## GOAL OF THE EXERCISE
In this exercise, the data must be written out exactly.

(RECORD EXCERPTS Opens)

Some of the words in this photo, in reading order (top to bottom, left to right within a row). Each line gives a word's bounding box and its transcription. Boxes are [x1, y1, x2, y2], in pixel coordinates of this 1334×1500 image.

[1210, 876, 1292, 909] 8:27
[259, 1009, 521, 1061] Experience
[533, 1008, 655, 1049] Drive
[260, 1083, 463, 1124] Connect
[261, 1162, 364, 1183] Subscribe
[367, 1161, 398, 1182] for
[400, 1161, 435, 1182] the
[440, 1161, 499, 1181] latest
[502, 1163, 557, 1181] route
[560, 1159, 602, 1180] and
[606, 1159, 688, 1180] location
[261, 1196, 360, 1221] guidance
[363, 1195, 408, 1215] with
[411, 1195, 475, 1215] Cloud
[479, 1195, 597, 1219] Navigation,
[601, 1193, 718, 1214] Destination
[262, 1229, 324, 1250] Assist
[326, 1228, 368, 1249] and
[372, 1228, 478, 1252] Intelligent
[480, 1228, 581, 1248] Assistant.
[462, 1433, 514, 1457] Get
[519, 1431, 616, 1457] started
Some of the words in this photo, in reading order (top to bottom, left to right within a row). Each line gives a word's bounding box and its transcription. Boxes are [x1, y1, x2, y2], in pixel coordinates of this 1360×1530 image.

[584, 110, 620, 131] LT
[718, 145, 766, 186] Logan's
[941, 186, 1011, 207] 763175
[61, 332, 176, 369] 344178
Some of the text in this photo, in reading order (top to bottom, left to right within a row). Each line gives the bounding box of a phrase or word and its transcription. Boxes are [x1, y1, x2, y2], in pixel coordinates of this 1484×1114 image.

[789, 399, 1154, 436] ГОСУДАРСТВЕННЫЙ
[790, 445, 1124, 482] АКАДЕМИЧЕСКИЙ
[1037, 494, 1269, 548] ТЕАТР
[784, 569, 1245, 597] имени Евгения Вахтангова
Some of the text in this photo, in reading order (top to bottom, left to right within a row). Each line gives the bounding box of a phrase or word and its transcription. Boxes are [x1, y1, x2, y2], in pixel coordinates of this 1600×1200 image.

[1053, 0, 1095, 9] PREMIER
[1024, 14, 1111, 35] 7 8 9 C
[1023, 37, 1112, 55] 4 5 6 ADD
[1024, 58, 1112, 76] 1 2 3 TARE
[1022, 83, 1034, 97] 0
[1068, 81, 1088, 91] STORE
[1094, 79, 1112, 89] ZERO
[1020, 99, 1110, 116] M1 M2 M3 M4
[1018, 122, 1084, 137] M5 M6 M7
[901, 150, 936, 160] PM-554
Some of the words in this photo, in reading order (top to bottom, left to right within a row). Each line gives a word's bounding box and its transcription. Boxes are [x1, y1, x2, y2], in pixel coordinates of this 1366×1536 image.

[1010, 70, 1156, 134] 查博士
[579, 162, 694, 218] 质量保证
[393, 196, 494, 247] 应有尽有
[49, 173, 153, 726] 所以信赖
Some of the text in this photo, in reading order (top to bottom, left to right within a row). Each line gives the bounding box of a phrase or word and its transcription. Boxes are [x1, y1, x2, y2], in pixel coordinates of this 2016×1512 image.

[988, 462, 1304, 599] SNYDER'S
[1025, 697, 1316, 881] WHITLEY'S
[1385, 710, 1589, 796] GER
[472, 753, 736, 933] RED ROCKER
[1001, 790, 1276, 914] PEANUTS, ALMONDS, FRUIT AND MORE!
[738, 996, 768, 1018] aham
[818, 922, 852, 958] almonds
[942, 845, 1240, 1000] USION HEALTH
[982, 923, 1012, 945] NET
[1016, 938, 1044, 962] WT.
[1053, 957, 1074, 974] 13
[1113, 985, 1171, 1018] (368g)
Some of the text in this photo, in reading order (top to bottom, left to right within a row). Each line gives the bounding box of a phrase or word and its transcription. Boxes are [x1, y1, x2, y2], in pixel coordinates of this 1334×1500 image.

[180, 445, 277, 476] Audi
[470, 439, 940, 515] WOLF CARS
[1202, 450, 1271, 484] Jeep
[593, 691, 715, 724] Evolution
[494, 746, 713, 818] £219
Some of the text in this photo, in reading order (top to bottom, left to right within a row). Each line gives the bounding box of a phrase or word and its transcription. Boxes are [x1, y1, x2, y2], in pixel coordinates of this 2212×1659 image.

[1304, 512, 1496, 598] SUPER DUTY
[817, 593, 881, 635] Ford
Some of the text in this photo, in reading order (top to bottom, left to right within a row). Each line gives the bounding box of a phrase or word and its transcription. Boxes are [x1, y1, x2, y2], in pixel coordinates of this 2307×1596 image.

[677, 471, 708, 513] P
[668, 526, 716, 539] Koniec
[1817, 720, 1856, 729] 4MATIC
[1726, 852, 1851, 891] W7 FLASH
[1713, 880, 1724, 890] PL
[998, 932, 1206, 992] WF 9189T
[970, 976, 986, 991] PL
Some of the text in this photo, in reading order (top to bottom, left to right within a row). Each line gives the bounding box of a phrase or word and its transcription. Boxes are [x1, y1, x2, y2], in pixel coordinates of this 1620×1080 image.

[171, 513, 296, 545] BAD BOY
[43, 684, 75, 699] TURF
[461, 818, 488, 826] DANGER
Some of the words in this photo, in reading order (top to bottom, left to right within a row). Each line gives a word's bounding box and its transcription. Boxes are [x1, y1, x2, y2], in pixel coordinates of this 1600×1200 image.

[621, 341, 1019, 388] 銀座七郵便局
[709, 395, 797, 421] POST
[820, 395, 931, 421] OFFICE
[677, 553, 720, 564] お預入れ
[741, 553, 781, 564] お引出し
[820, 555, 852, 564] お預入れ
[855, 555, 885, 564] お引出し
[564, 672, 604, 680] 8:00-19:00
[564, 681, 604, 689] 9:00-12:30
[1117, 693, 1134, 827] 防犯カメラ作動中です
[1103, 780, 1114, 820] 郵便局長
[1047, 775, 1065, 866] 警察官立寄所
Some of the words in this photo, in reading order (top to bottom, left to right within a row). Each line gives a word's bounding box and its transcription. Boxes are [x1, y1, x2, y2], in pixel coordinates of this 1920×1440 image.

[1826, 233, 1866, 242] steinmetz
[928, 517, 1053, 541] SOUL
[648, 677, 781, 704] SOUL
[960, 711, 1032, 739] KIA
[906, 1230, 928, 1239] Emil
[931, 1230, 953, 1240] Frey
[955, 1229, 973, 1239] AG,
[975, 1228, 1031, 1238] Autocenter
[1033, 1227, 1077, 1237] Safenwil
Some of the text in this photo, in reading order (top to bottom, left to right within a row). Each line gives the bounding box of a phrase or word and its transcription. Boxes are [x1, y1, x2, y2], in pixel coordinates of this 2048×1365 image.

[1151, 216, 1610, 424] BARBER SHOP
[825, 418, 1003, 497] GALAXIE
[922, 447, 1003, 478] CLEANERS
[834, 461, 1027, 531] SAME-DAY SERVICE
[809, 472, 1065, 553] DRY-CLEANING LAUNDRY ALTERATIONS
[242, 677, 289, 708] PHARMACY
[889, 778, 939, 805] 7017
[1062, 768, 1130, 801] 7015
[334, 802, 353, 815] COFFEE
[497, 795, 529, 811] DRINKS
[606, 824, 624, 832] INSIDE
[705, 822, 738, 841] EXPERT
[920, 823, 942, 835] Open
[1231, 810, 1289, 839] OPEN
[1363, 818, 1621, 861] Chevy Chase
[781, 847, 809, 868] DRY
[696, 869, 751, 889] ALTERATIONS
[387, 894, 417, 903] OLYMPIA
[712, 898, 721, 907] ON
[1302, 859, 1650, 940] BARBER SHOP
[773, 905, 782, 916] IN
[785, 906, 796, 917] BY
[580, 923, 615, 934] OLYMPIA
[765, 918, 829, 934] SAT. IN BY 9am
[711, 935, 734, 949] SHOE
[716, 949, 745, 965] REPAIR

(RECORD EXCERPTS Closes)

## SOLUTION
Some of the words in this photo, in reading order (top to bottom, left to right within a row). Each line gives a word's bounding box and its transcription. Boxes are [x1, y1, x2, y2], in pixel coordinates of this 1334×1500 image.

[1210, 876, 1292, 909] 8:27
[259, 1009, 521, 1061] Experience
[533, 1008, 655, 1049] Drive
[260, 1083, 463, 1124] Connect
[261, 1162, 364, 1183] Subscribe
[367, 1161, 398, 1182] for
[400, 1161, 435, 1182] the
[440, 1161, 499, 1181] latest
[502, 1163, 557, 1181] route
[560, 1159, 602, 1180] and
[606, 1159, 688, 1180] location
[261, 1196, 360, 1221] guidance
[363, 1195, 408, 1215] with
[411, 1195, 475, 1215] Cloud
[479, 1195, 597, 1219] Navigation,
[601, 1193, 718, 1214] Destination
[262, 1229, 324, 1250] Assist
[326, 1228, 368, 1249] and
[372, 1228, 478, 1252] Intelligent
[480, 1228, 581, 1248] Assistant.
[462, 1433, 514, 1457] Get
[519, 1431, 616, 1457] started
Some of the words in this photo, in reading order (top to bottom, left to right within a row). Each line gives a word's bounding box and its transcription. Boxes are [x1, y1, x2, y2], in pixel coordinates of this 1360×1530 image.

[584, 110, 620, 131] LT
[718, 145, 766, 186] Logan's
[941, 186, 1011, 207] 763175
[61, 332, 176, 369] 344178
Some of the text in this photo, in reading order (top to bottom, left to right within a row). Each line gives the bounding box of a phrase or word and its transcription. Boxes are [x1, y1, x2, y2], in pixel coordinates of this 1484×1114 image.

[789, 399, 1154, 436] ГОСУДАРСТВЕННЫЙ
[790, 445, 1124, 482] АКАДЕМИЧЕСКИЙ
[1037, 494, 1269, 548] ТЕАТР
[784, 569, 1245, 597] имени Евгения Вахтангова
Some of the text in this photo, in reading order (top to bottom, left to right within a row). Each line gives the bounding box of a phrase or word and its transcription. Boxes are [x1, y1, x2, y2], in pixel coordinates of this 1600×1200 image.

[1053, 0, 1095, 9] PREMIER
[1024, 14, 1111, 35] 7 8 9 C
[1023, 37, 1112, 55] 4 5 6 ADD
[1024, 58, 1112, 76] 1 2 3 TARE
[1022, 83, 1034, 97] 0
[1068, 81, 1088, 91] STORE
[1094, 79, 1112, 89] ZERO
[1020, 99, 1110, 116] M1 M2 M3 M4
[1018, 122, 1084, 137] M5 M6 M7
[901, 150, 936, 160] PM-554
Some of the words in this photo, in reading order (top to bottom, left to right within a row). Each line gives a word's bounding box and its transcription. Boxes are [x1, y1, x2, y2], in pixel coordinates of this 1366×1536 image.

[1010, 70, 1156, 134] 查博士
[579, 162, 694, 218] 质量保证
[393, 196, 494, 247] 应有尽有
[49, 173, 153, 726] 所以信赖
Some of the text in this photo, in reading order (top to bottom, left to right within a row). Each line gives the bounding box of a phrase or word and its transcription. Boxes are [x1, y1, x2, y2], in pixel coordinates of this 2016×1512 image.

[988, 462, 1304, 599] SNYDER'S
[1025, 697, 1316, 881] WHITLEY'S
[1385, 710, 1589, 796] GER
[472, 753, 736, 933] RED ROCKER
[1001, 790, 1276, 914] PEANUTS, ALMONDS, FRUIT AND MORE!
[738, 996, 768, 1018] aham
[818, 922, 852, 958] almonds
[942, 845, 1240, 1000] USION HEALTH
[982, 923, 1012, 945] NET
[1016, 938, 1044, 962] WT.
[1053, 957, 1074, 974] 13
[1113, 985, 1171, 1018] (368g)
Some of the text in this photo, in reading order (top to bottom, left to right within a row). Each line gives the bounding box of a phrase or word and its transcription. Boxes are [x1, y1, x2, y2], in pixel coordinates of this 1334×1500 image.

[180, 445, 277, 476] Audi
[470, 439, 940, 515] WOLF CARS
[1202, 450, 1271, 484] Jeep
[593, 691, 715, 724] Evolution
[494, 746, 713, 818] £219
Some of the text in this photo, in reading order (top to bottom, left to right within a row). Each line gives the bounding box of a phrase or word and its transcription. Boxes are [x1, y1, x2, y2], in pixel coordinates of this 2212×1659 image.

[1304, 512, 1496, 598] SUPER DUTY
[817, 593, 881, 635] Ford
Some of the text in this photo, in reading order (top to bottom, left to right within a row). Each line gives the bounding box of a phrase or word and its transcription. Boxes are [x1, y1, x2, y2], in pixel coordinates of this 2307×1596 image.

[677, 471, 708, 513] P
[668, 526, 716, 539] Koniec
[1817, 720, 1856, 729] 4MATIC
[1726, 852, 1851, 891] W7 FLASH
[1713, 880, 1724, 890] PL
[998, 932, 1206, 992] WF 9189T
[970, 976, 986, 991] PL
Some of the text in this photo, in reading order (top to bottom, left to right within a row). Each line gives the bounding box of a phrase or word and its transcription. Boxes are [x1, y1, x2, y2], in pixel coordinates of this 1620×1080 image.

[171, 513, 296, 545] BAD BOY
[43, 684, 75, 699] TURF
[461, 818, 488, 826] DANGER
Some of the words in this photo, in reading order (top to bottom, left to right within a row). Each line gives a word's bounding box and its transcription. Boxes are [x1, y1, x2, y2], in pixel coordinates of this 1600×1200 image.

[621, 341, 1019, 388] 銀座七郵便局
[709, 395, 797, 421] POST
[820, 395, 931, 421] OFFICE
[677, 553, 720, 564] お預入れ
[741, 553, 781, 564] お引出し
[820, 555, 852, 564] お預入れ
[855, 555, 885, 564] お引出し
[564, 672, 604, 680] 8:00-19:00
[564, 681, 604, 689] 9:00-12:30
[1117, 693, 1134, 827] 防犯カメラ作動中です
[1103, 780, 1114, 820] 郵便局長
[1047, 775, 1065, 866] 警察官立寄所
Some of the words in this photo, in reading order (top to bottom, left to right within a row). Each line gives a word's bounding box and its transcription. Boxes are [x1, y1, x2, y2], in pixel coordinates of this 1920×1440 image.

[1826, 233, 1866, 242] steinmetz
[928, 517, 1053, 541] SOUL
[648, 677, 781, 704] SOUL
[960, 711, 1032, 739] KIA
[906, 1230, 928, 1239] Emil
[931, 1230, 953, 1240] Frey
[955, 1229, 973, 1239] AG,
[975, 1228, 1031, 1238] Autocenter
[1033, 1227, 1077, 1237] Safenwil
Some of the text in this photo, in reading order (top to bottom, left to right within a row). Each line gives the bounding box of a phrase or word and its transcription. Boxes are [x1, y1, x2, y2], in pixel coordinates of this 2048×1365 image.

[1151, 216, 1610, 424] BARBER SHOP
[825, 418, 1003, 497] GALAXIE
[922, 447, 1003, 478] CLEANERS
[834, 461, 1027, 531] SAME-DAY SERVICE
[809, 472, 1065, 553] DRY-CLEANING LAUNDRY ALTERATIONS
[242, 677, 289, 708] PHARMACY
[889, 778, 939, 805] 7017
[1062, 768, 1130, 801] 7015
[334, 802, 353, 815] COFFEE
[497, 795, 529, 811] DRINKS
[606, 824, 624, 832] INSIDE
[705, 822, 738, 841] EXPERT
[920, 823, 942, 835] Open
[1231, 810, 1289, 839] OPEN
[1363, 818, 1621, 861] Chevy Chase
[781, 847, 809, 868] DRY
[696, 869, 751, 889] ALTERATIONS
[387, 894, 417, 903] OLYMPIA
[712, 898, 721, 907] ON
[1302, 859, 1650, 940] BARBER SHOP
[773, 905, 782, 916] IN
[785, 906, 796, 917] BY
[580, 923, 615, 934] OLYMPIA
[765, 918, 829, 934] SAT. IN BY 9am
[711, 935, 734, 949] SHOE
[716, 949, 745, 965] REPAIR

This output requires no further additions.